Good luck. He is very lucky to have you beside him!
I ditto Shady's sentiments.
This is all standard fare. I have said that before. Get a note pad and jot down the following: "This is all typical." Post on your fridge door.
After my first infusion, I got a fever and spent three days (the weekend) on a cancer ward. The moron hosptialists doctors (not oncologists, despite it being an oncology ward) had me on constant IV antibiotic bags while they ruled out ever bacterial infection known to medical science.

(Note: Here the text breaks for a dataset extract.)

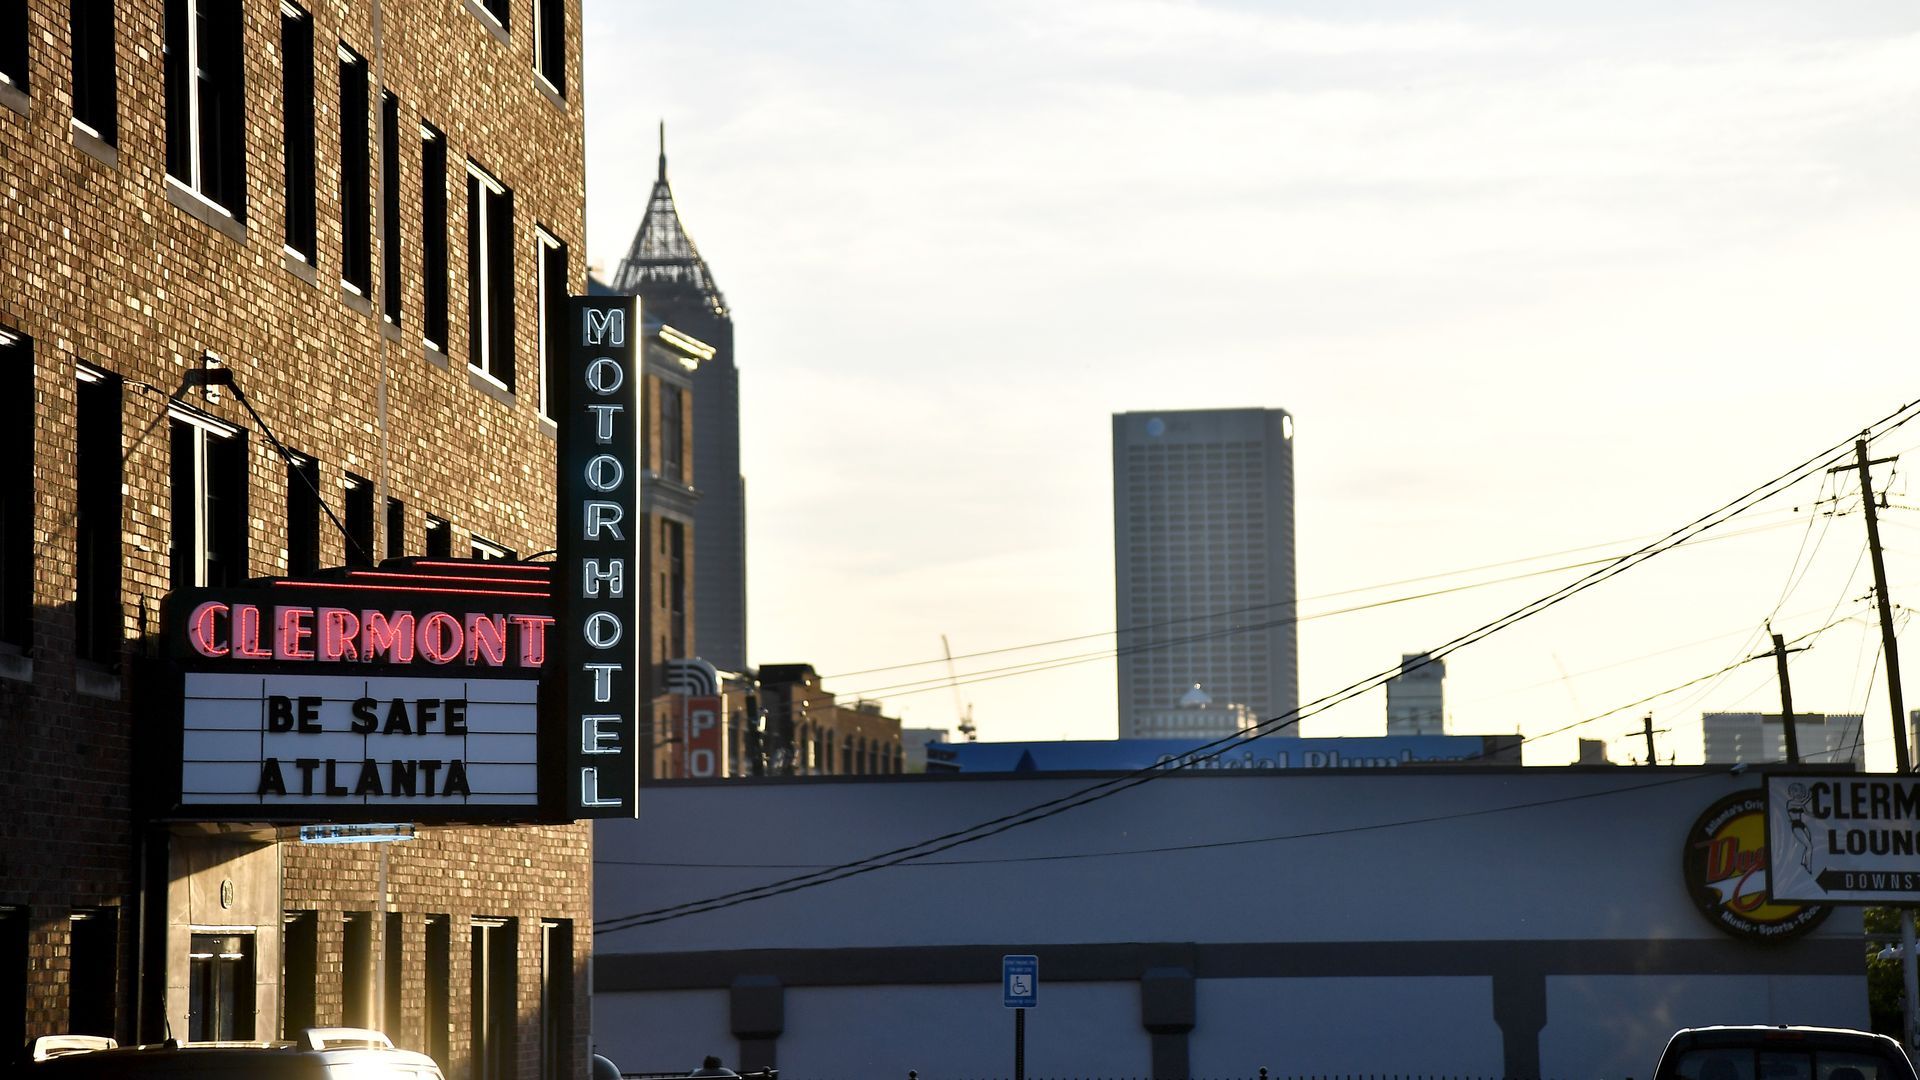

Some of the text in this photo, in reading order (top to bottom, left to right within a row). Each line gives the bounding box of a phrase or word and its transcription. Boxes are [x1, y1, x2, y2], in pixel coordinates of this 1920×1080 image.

I kept saying to them, "Perhaps it is low WBCs from the chemo ?" I received so much antibiotic that I developed Red Man Sydrome; I was red as a beet, and required a week dosing of Benadryl to get over my hospital stay..
My oncologist came in Monday morning, and told them, "He was neurtopenic from the chemo. Get him to hell out of here." Thank you ! After that, my wife and I ignored my temp. for the next five months. I do not recommend this, but it is what we did.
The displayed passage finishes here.